Nestes termos, deve ser alterada a sentença recorrida declarando-se os aqui Apelados conforme peticionado no articulado inicial responsabilizando-os assim por todos os danos reclamados, de acordo e em conformidade com o alegado no presente recurso ao qual deve ser dado total provimento.Em contra alegações sustenta-se, naturalmente, entendimento contrário e por forma a manter-se a decisão recorrida.
IIIFactos Provados
Julgaram-se assentes os seguintes factos:
1- Em 11 de Janeiro de 1994, por escritura pública de contrato de sociedade lavrada de fls. 95 verso a fls. 96 verso do livro de Notas 14-F do Cartório Notarial de .........., F.......... e C.........., aqui ré, outorgaram contrato criando uma sociedade por quotas com a firma "G.........., Lda", 2 - A 07 de Julho de 1994, por escritura pública exarada de fls. 39, verso a fls. 40 do livro de Notas para escrituras diversas n° 208-8, no Cartório Notarial de .........., F.......... declarou ceder a D.........., que declarou aceitar, a sua quota na sociedade denominada "G.........., Lda", 3 - A 25 de Março de 1997, por escritura de cessão de quotas exarada a fls. 91 e 92 do respectivo livro n° 101-E, no Cartório Notarial de .........., C.........., ora ré, declarou ceder a E.........., ora réu, que declarou aceitar, a sua quota, na sociedade denominada "G.........., Lda".

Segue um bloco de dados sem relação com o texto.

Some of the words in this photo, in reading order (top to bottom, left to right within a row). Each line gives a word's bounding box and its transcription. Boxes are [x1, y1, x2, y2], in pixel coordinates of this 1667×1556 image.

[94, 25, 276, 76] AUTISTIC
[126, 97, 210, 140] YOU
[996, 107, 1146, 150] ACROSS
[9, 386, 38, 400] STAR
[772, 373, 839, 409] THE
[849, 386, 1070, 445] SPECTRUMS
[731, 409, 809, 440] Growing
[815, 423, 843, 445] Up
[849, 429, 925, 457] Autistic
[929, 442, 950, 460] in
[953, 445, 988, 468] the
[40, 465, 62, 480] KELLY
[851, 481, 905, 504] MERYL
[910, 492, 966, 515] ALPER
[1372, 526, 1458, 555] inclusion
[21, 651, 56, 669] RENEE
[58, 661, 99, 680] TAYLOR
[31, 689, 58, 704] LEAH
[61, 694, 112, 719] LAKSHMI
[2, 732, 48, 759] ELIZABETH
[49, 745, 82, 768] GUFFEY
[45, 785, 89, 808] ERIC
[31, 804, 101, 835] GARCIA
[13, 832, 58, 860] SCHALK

4 - Em 13 de Janeiro de 1994 existiram negociações entre a ré C.......... e o autor, com vista à cessão da primeira ao segundo da sua quota no "estabelecimento" referido em 1-, 5 - Na sequência dessas negociações, a ré C.......... e o autor, a 13 de Janeiro de 1994, subscreveram o documento junto a fls. 12, cujo conteúdo se dá aqui por reproduzido, intitulado contrato de cessão de quota por tempo determinado, no qual a primeira declarou ceder a sua quota no dia da escritura em 11 de Janeiro de 1994 feita no Cartório Notarial de .........., ao segundo, pelo valor de 200.000$00, tendo este declarado aceitar tal.
6 - Tendo o autor negociado com a ré C.......... o preço real e efectivamente convencionado de 7.500.000$00 pela sua quota.

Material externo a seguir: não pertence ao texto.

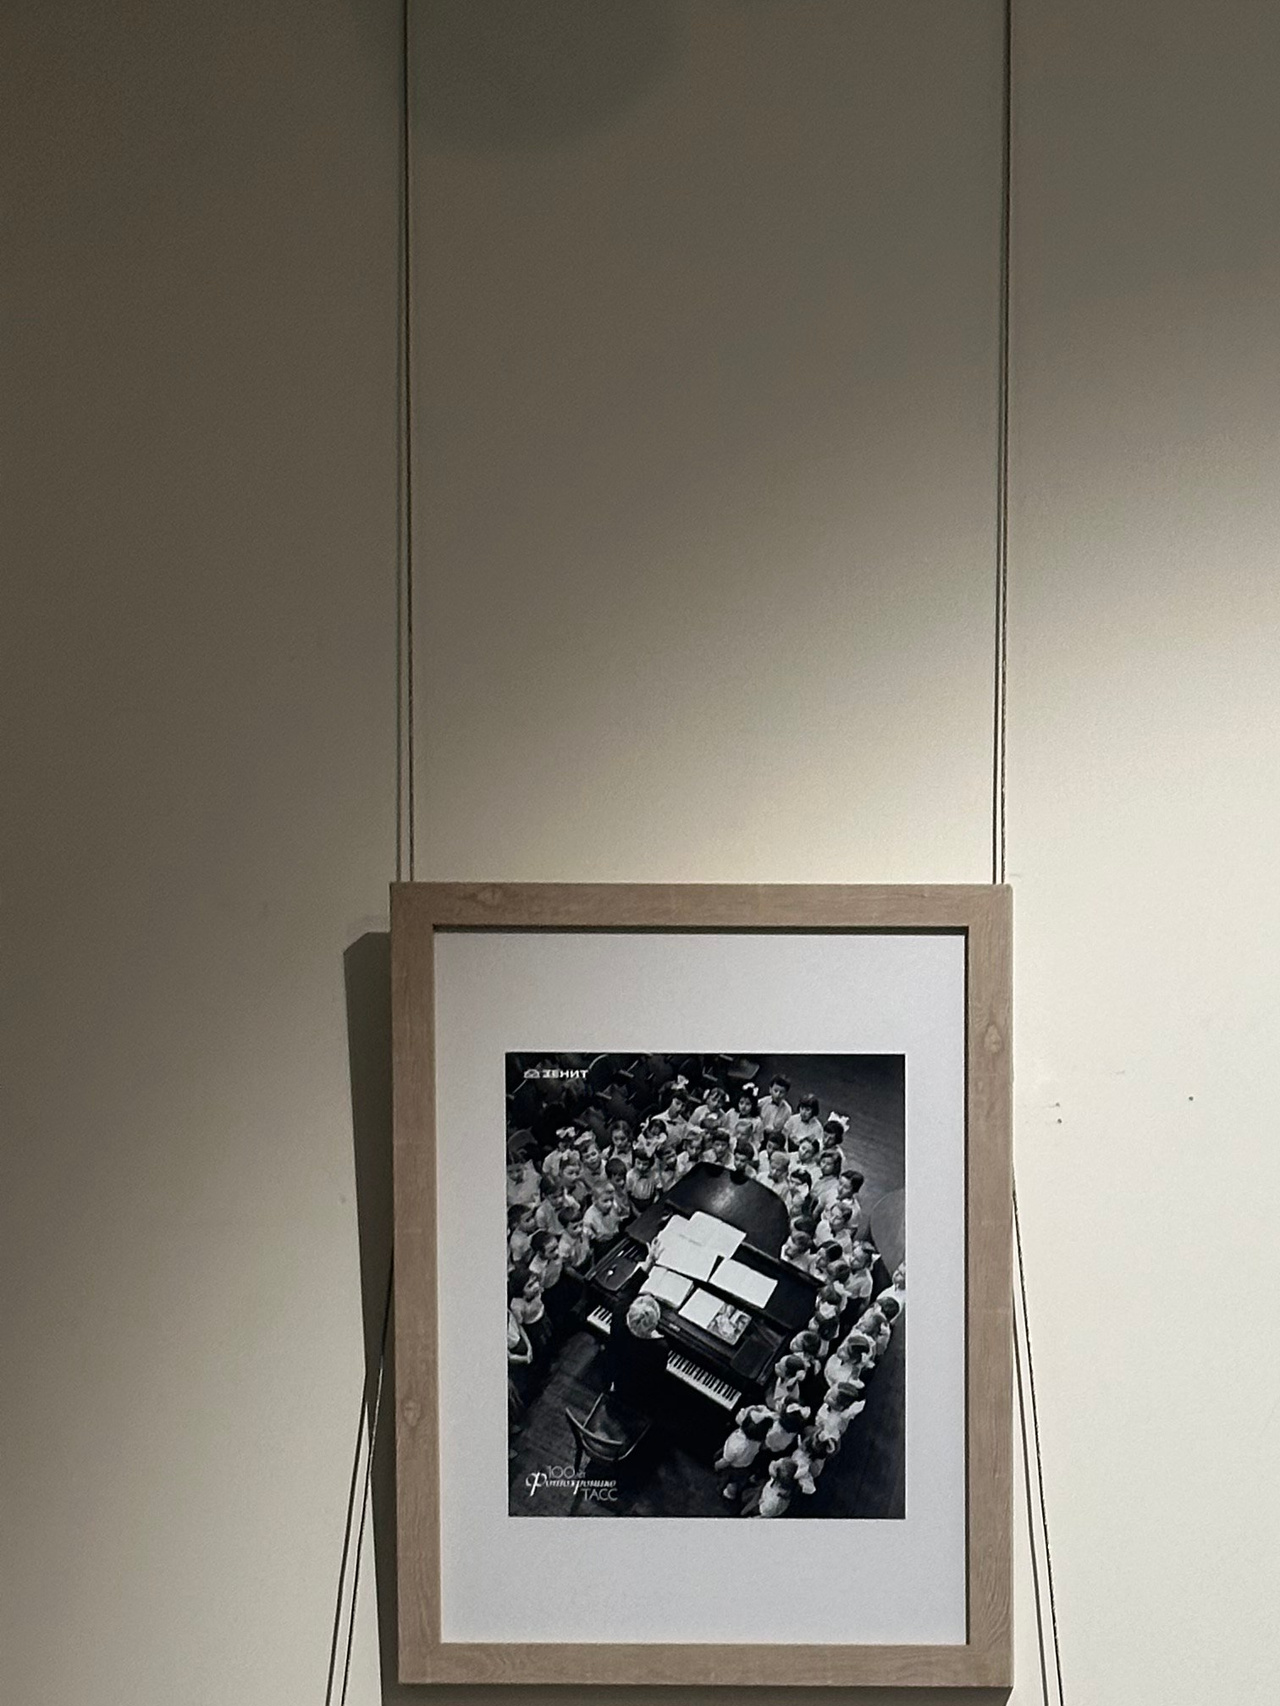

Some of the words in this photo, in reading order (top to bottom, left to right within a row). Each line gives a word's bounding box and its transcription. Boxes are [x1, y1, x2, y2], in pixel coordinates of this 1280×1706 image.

[542, 1069, 589, 1079] ЗЕНИТ
[546, 1465, 576, 1479] 100
[581, 1488, 618, 1501] ТАСС

7 - O autor pagou à ré C.......... parte do preço convencionado para a cedência da sua quota.
8 - A partir da data da subscrição do documento aludido em 5 - 13 de Janeiro de 1994 -, e em comunhão de esforços com o outro sócio, D.........., aqui réu, o autor passou a gerir o "G.........., Lda", aí exercendo a sua actividade diária e normal da profissão, pagando contas, atendendo clientes, negociando com fornecedores, colhendo os proveitos da sua actividade.
9 - Como dono do mesmo.
10 - Porém, como tinha outros negócios a correr à data, e embora fosse o seu ano (vez) de assegurar a gerência do "G.........., Lda", recrutou o seu sobrinho e réu, E.........., para com ele trabalhar como empregado 11 - A escritura de cessão de quotas entre o autor e a ré C.......... não foi realizada.
12 - Contra a vontade do autor.
13 - O réu D.......... nada fez para evitar o desenlace que levou à não concretização do negócio referido em 4-.
14 - O autor, à data do "negócio" a que se alude em 4-, tinha 45 anos.
15 - O autor é pessoa de elevado estatuto moral.
16 - É pessoa reputada e sério comerciante.